Giving credence to the pushback by the ECB were the inflation data released over the course of the week, culminating in the Euro-Zone CPI for March falling back below +2% on Friday. "Inflation has peaked for now and the oil price is down 10 percent so we are far from having to worry about too much inflation," one of the sources quoted in the Reuters report said. ECB officials are doing what they can to make clear that a rate hike is not coming in 2017, particularly as bond buying continues (now scheduled for €60 billion per month through the end of the year).
While the ECB may have its way in the short-term now that sovereign bond yields have declined and the Euro has slid back, there is still a major catalyst coming up in the next few weeks that could send the Euro dramatically higher: Marine Le Pen’s defeat in the French presidential elections. The April 23 election is not expected to yield a candidate achieving greater than 50% of the vote, so a second round run-off seems highly likely on May 7. Even then, it appears that Emmanuel Macron is poised to be the next president of France, with polls giving him around a +20-point edge (typically in the 60-40 neighborhood). Betting markets, according to Oddschecker’s aggregation, give Macron a 67% chance of winning the French presidency (up from 49% a month ago) while Le Pen only has a 24% chance of victory (down from 31% a month ago).

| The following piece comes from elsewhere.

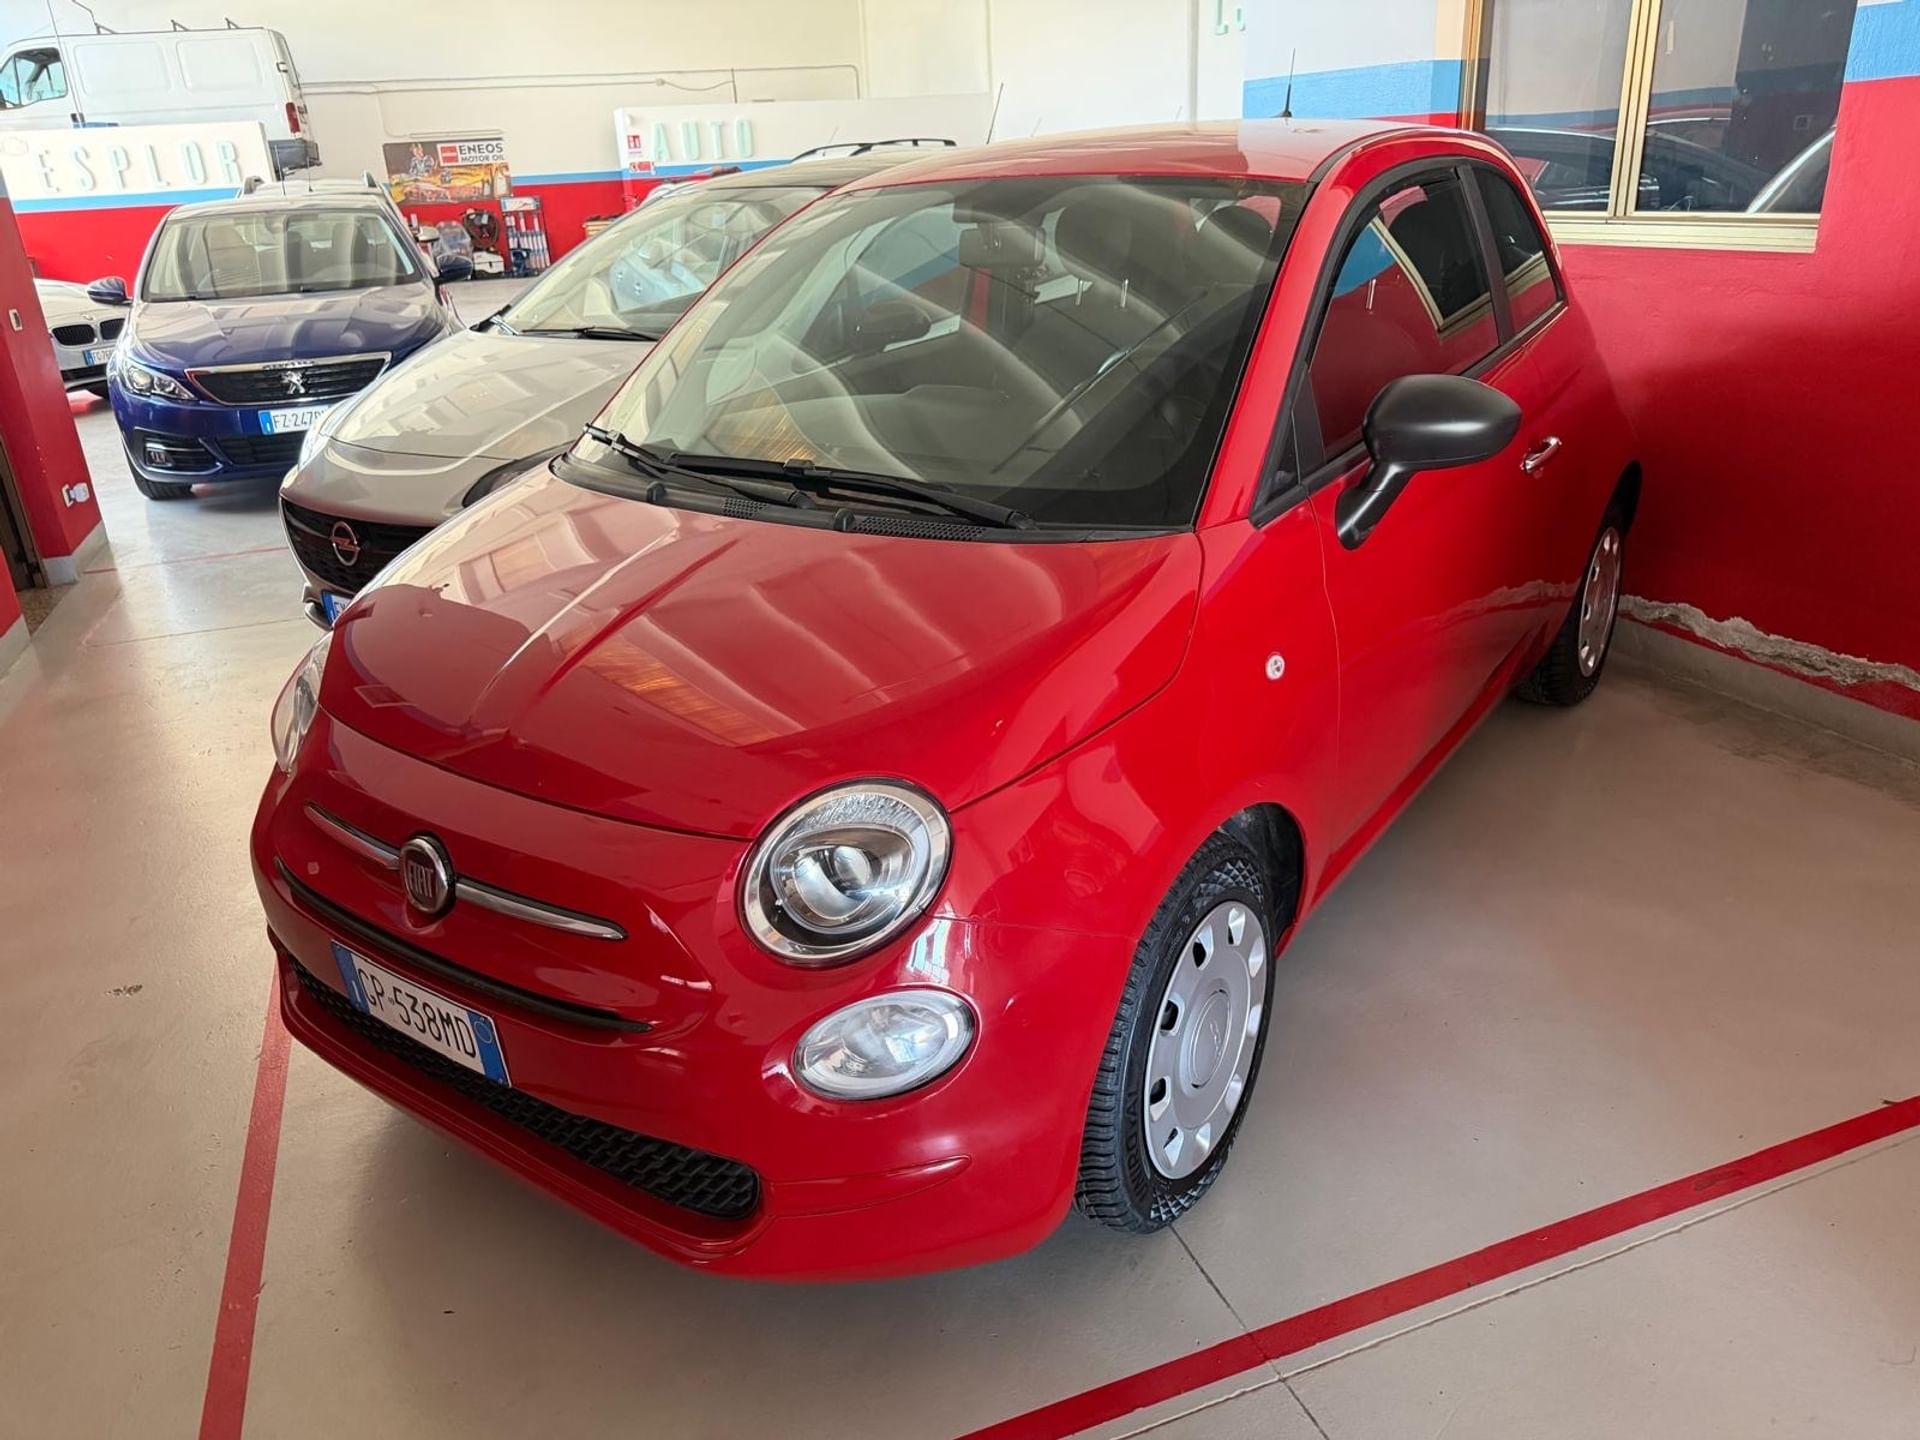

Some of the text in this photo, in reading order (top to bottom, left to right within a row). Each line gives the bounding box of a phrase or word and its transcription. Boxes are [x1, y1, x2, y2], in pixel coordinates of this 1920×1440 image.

These dueling factors – the ECB attempting to push down the Euro and sovereign bond yields while a major political risk could dissipate – should keep the Euro in neutral gear for the next few weeks. If more significant moves are to develop, they will be due to exogenous factors like developments along the Brexit front (for EUR/GBP) or expectations around US fiscal policy and Fed rate hikes (for EUR/USD).